▶ [Task description]:
Nothing in the records may be altered, and no picture may be included. Restate them in full.

----

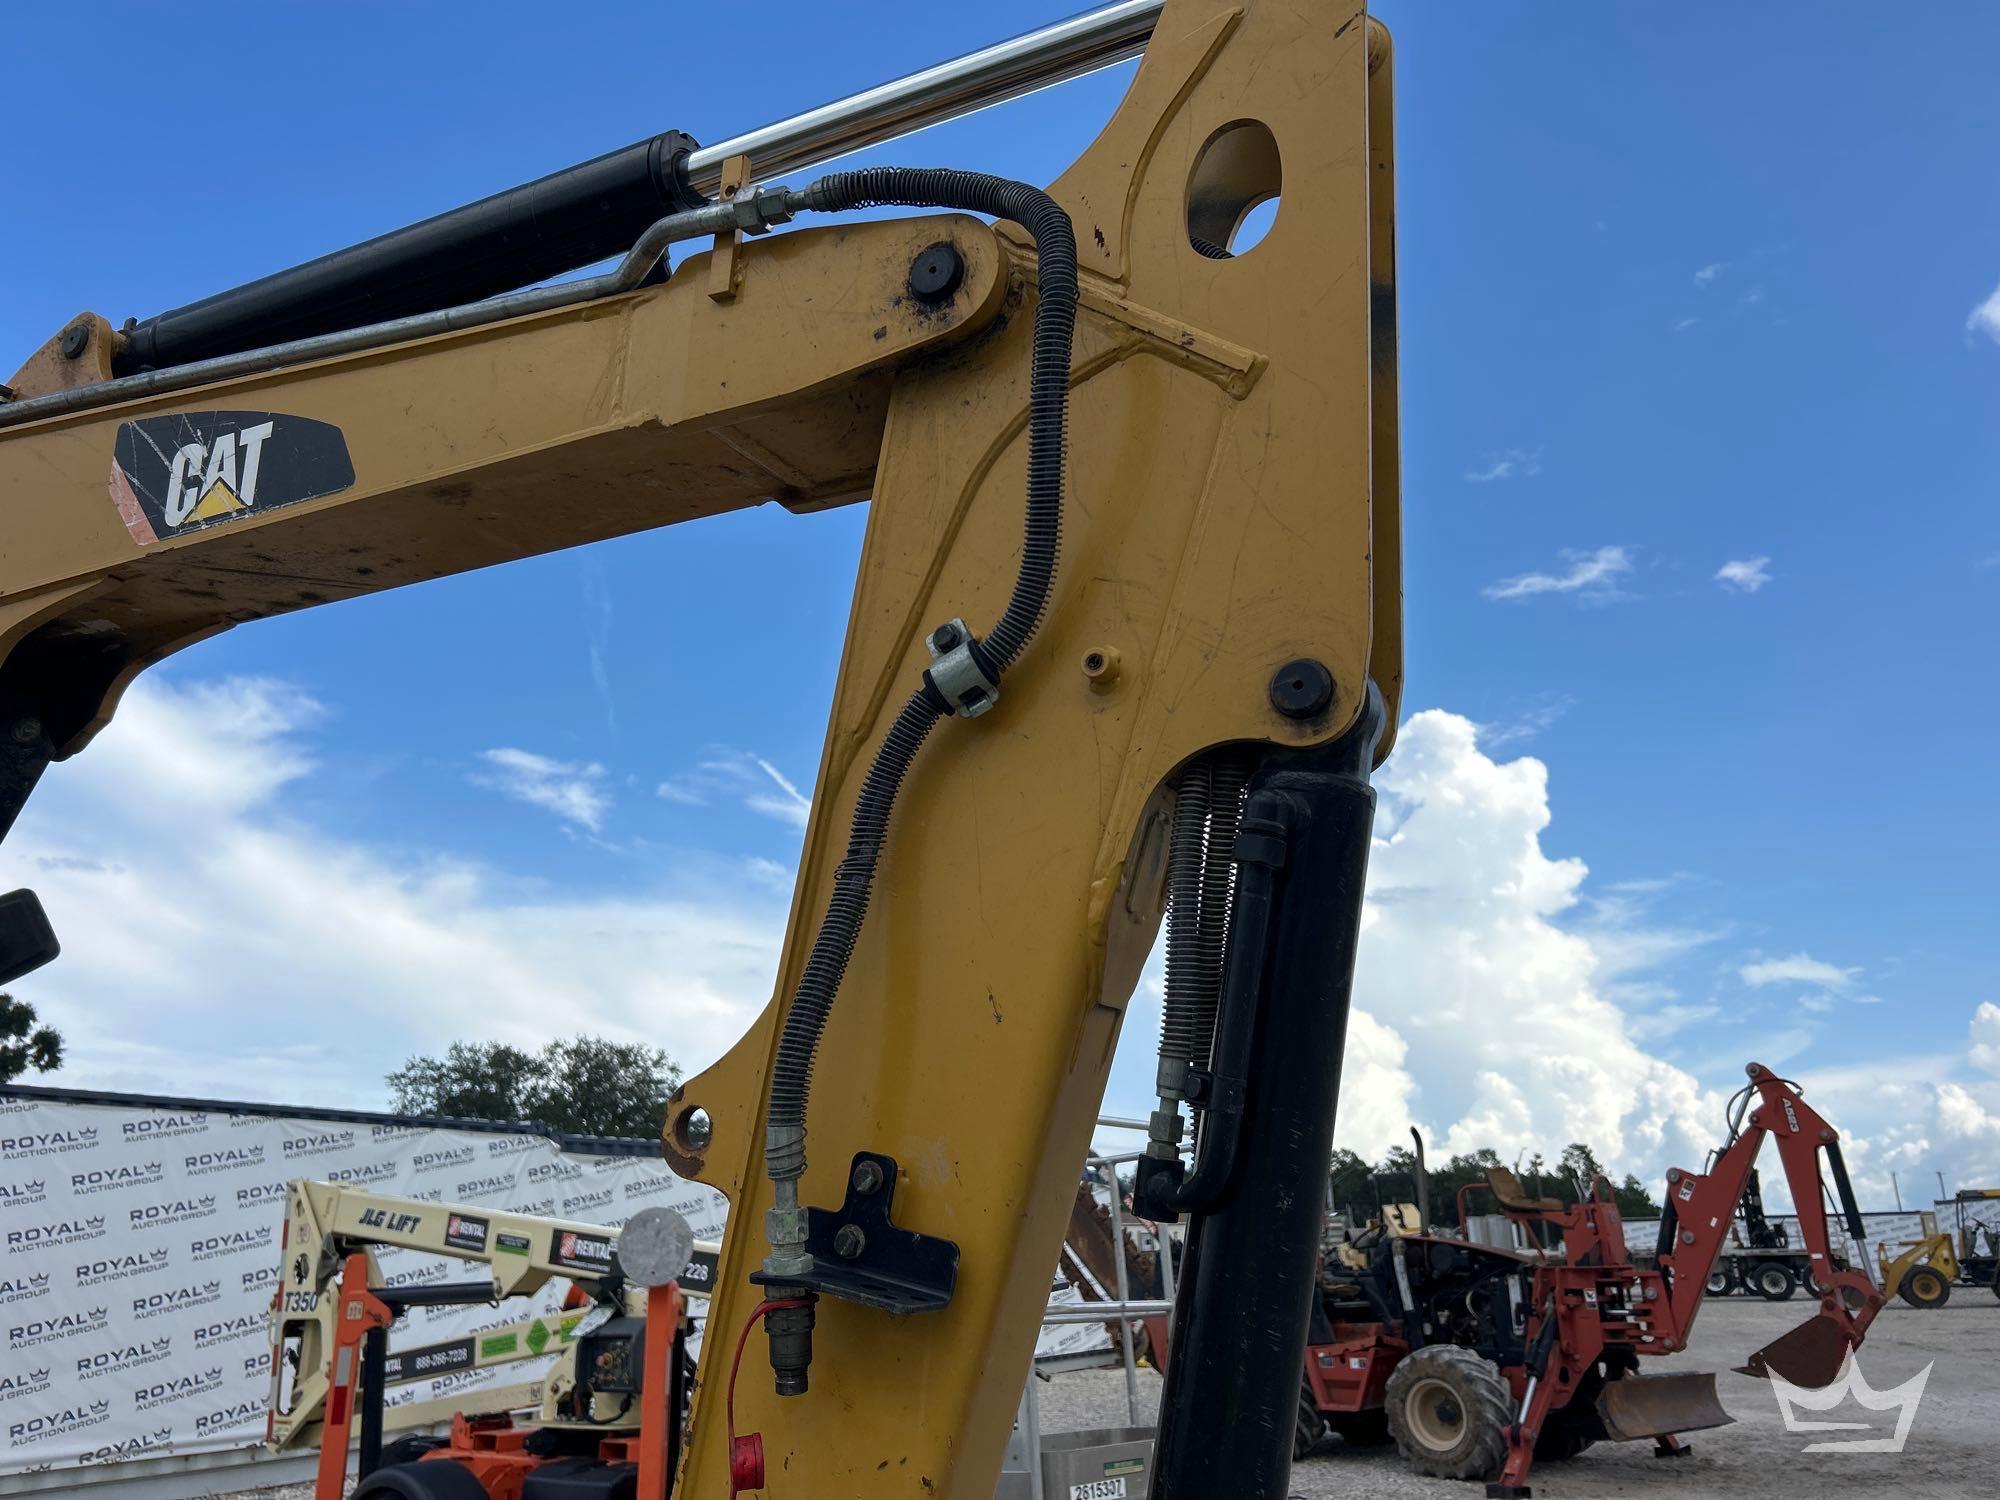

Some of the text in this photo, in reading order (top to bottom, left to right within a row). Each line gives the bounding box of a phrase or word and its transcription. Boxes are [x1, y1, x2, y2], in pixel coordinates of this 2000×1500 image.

[165, 421, 274, 527] CAT
[122, 1116, 190, 1135] ROYAL
[1, 1131, 79, 1151] ROYAL
[125, 1130, 172, 1143] AUCTION
[283, 1133, 340, 1151] ROYAL
[3, 1147, 57, 1160] AUCTION
[185, 1150, 249, 1168] ROYAL
[413, 1150, 462, 1166] ROYAL
[72, 1166, 144, 1187] ROYAL
[457, 1176, 503, 1194] ROYAL
[73, 1182, 124, 1195] AUCTION
[236, 1183, 285, 1200] ROYA
[129, 1200, 198, 1221] ROYAL
[358, 1207, 422, 1234] JLG LIFT
[7, 1221, 85, 1244] ROYAL
[191, 1231, 255, 1253] ROYAL
[9, 1238, 63, 1254] AUCTION
[76, 1254, 149, 1278] ROYAL
[684, 1263, 709, 1281] 228
[77, 1271, 128, 1288] AUCTION
[242, 1267, 281, 1285] ROY
[133, 1286, 203, 1311] ROYAL
[9, 1314, 87, 1340] ROYAL
[194, 1315, 259, 1341] ROYAL
[242, 1323, 271, 1337] GROU
[10, 1332, 65, 1351] AUCTION
[77, 1344, 151, 1372] ROYAL
[78, 1363, 130, 1381] AUCTION
[7, 1383, 50, 1400] GROUP
[135, 1374, 204, 1403] ROYAL
[9, 1407, 89, 1438] ROYAL
[196, 1400, 261, 1429] ROYAL
[10, 1426, 66, 1448] AUCTION
[79, 1435, 153, 1465] ROYAL
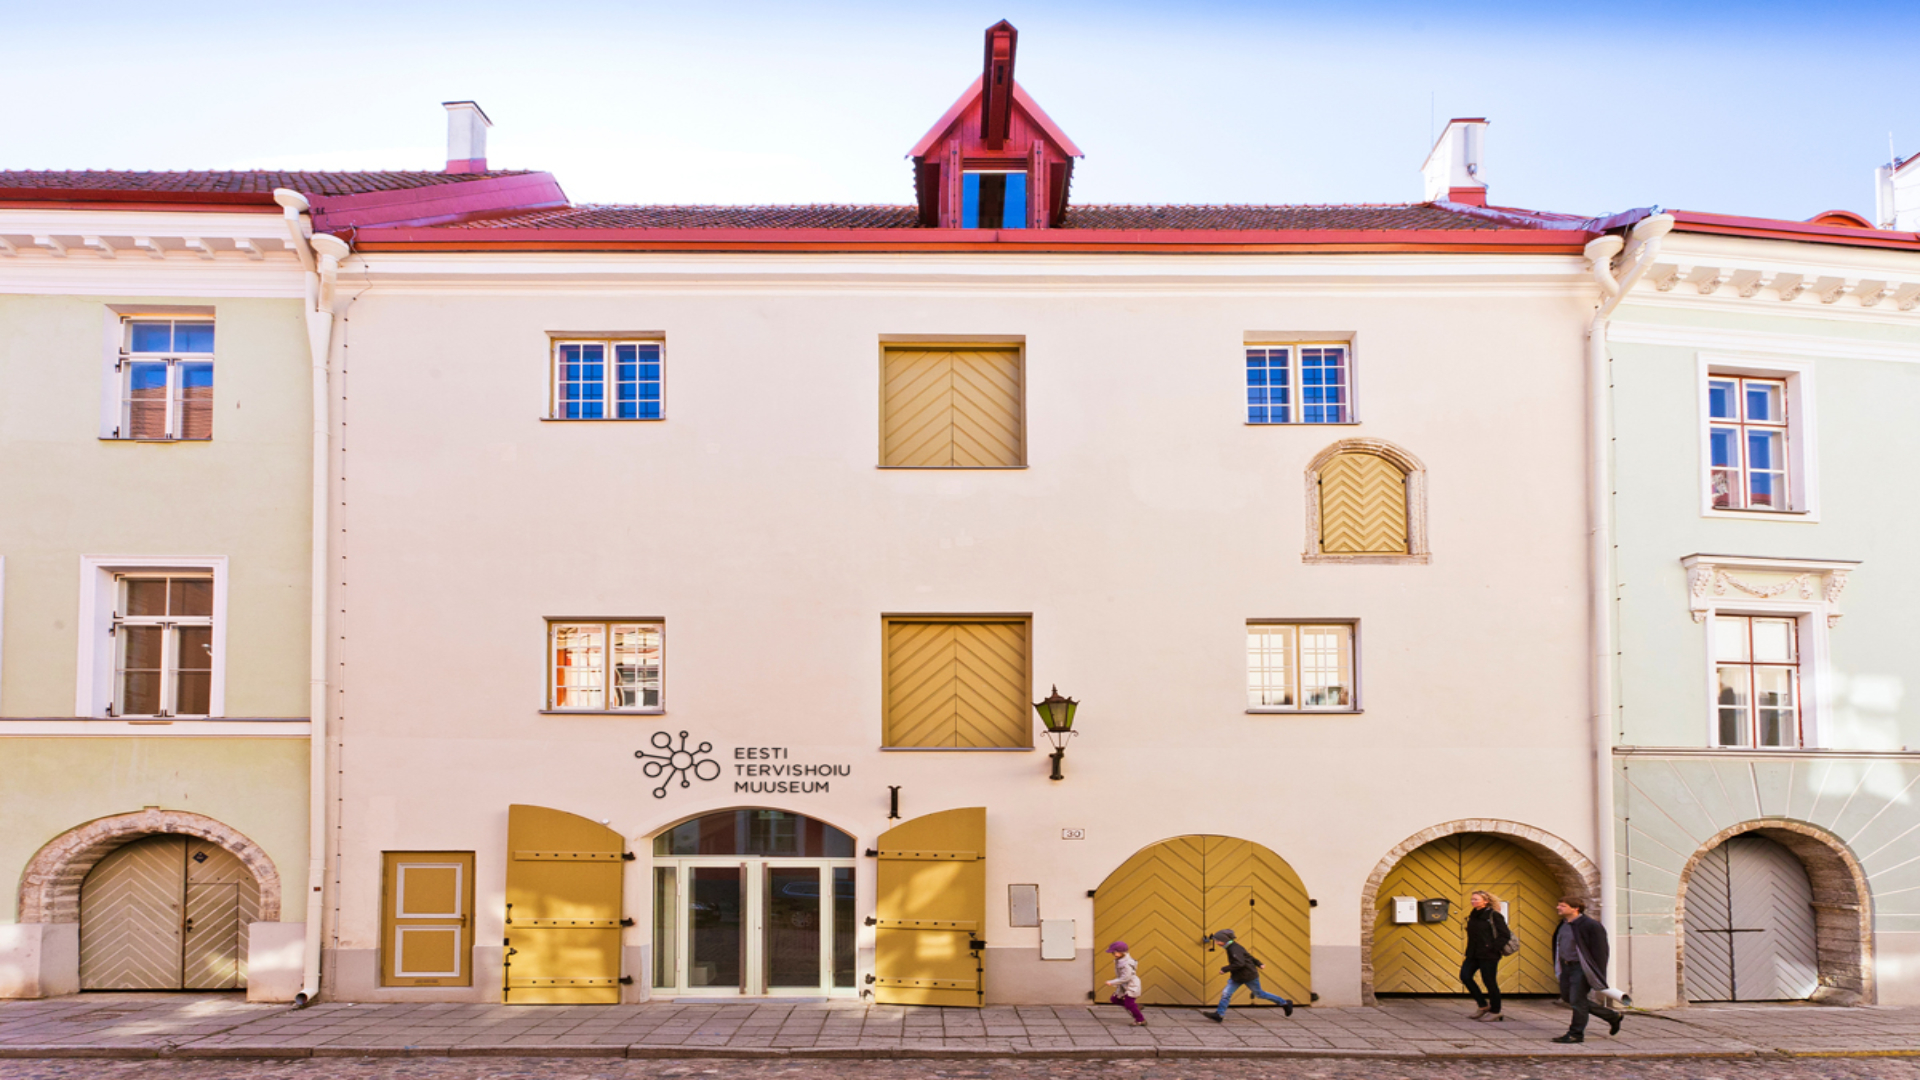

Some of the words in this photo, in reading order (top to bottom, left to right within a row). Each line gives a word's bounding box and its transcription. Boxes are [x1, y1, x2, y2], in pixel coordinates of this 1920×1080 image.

----

▶ [Exercise result]:
Some of the text in this photo, in reading order (top to bottom, left to right within a row). Each line gives the bounding box of a phrase or word and its transcription. Boxes are [x1, y1, x2, y2], in pixel coordinates of this 2000×1500 image.

[165, 421, 274, 527] CAT
[122, 1116, 190, 1135] ROYAL
[1, 1131, 79, 1151] ROYAL
[125, 1130, 172, 1143] AUCTION
[283, 1133, 340, 1151] ROYAL
[3, 1147, 57, 1160] AUCTION
[185, 1150, 249, 1168] ROYAL
[413, 1150, 462, 1166] ROYAL
[72, 1166, 144, 1187] ROYAL
[457, 1176, 503, 1194] ROYAL
[73, 1182, 124, 1195] AUCTION
[236, 1183, 285, 1200] ROYA
[129, 1200, 198, 1221] ROYAL
[358, 1207, 422, 1234] JLG LIFT
[7, 1221, 85, 1244] ROYAL
[191, 1231, 255, 1253] ROYAL
[9, 1238, 63, 1254] AUCTION
[76, 1254, 149, 1278] ROYAL
[684, 1263, 709, 1281] 228
[77, 1271, 128, 1288] AUCTION
[242, 1267, 281, 1285] ROY
[133, 1286, 203, 1311] ROYAL
[9, 1314, 87, 1340] ROYAL
[194, 1315, 259, 1341] ROYAL
[242, 1323, 271, 1337] GROU
[10, 1332, 65, 1351] AUCTION
[77, 1344, 151, 1372] ROYAL
[78, 1363, 130, 1381] AUCTION
[7, 1383, 50, 1400] GROUP
[135, 1374, 204, 1403] ROYAL
[9, 1407, 89, 1438] ROYAL
[196, 1400, 261, 1429] ROYAL
[10, 1426, 66, 1448] AUCTION
[79, 1435, 153, 1465] ROYAL

Some of the words in this photo, in reading order (top to bottom, left to right within a row). Each line gives a word's bounding box and its transcription. Boxes are [x1, y1, x2, y2], in pixel coordinates of this 1920×1080 image.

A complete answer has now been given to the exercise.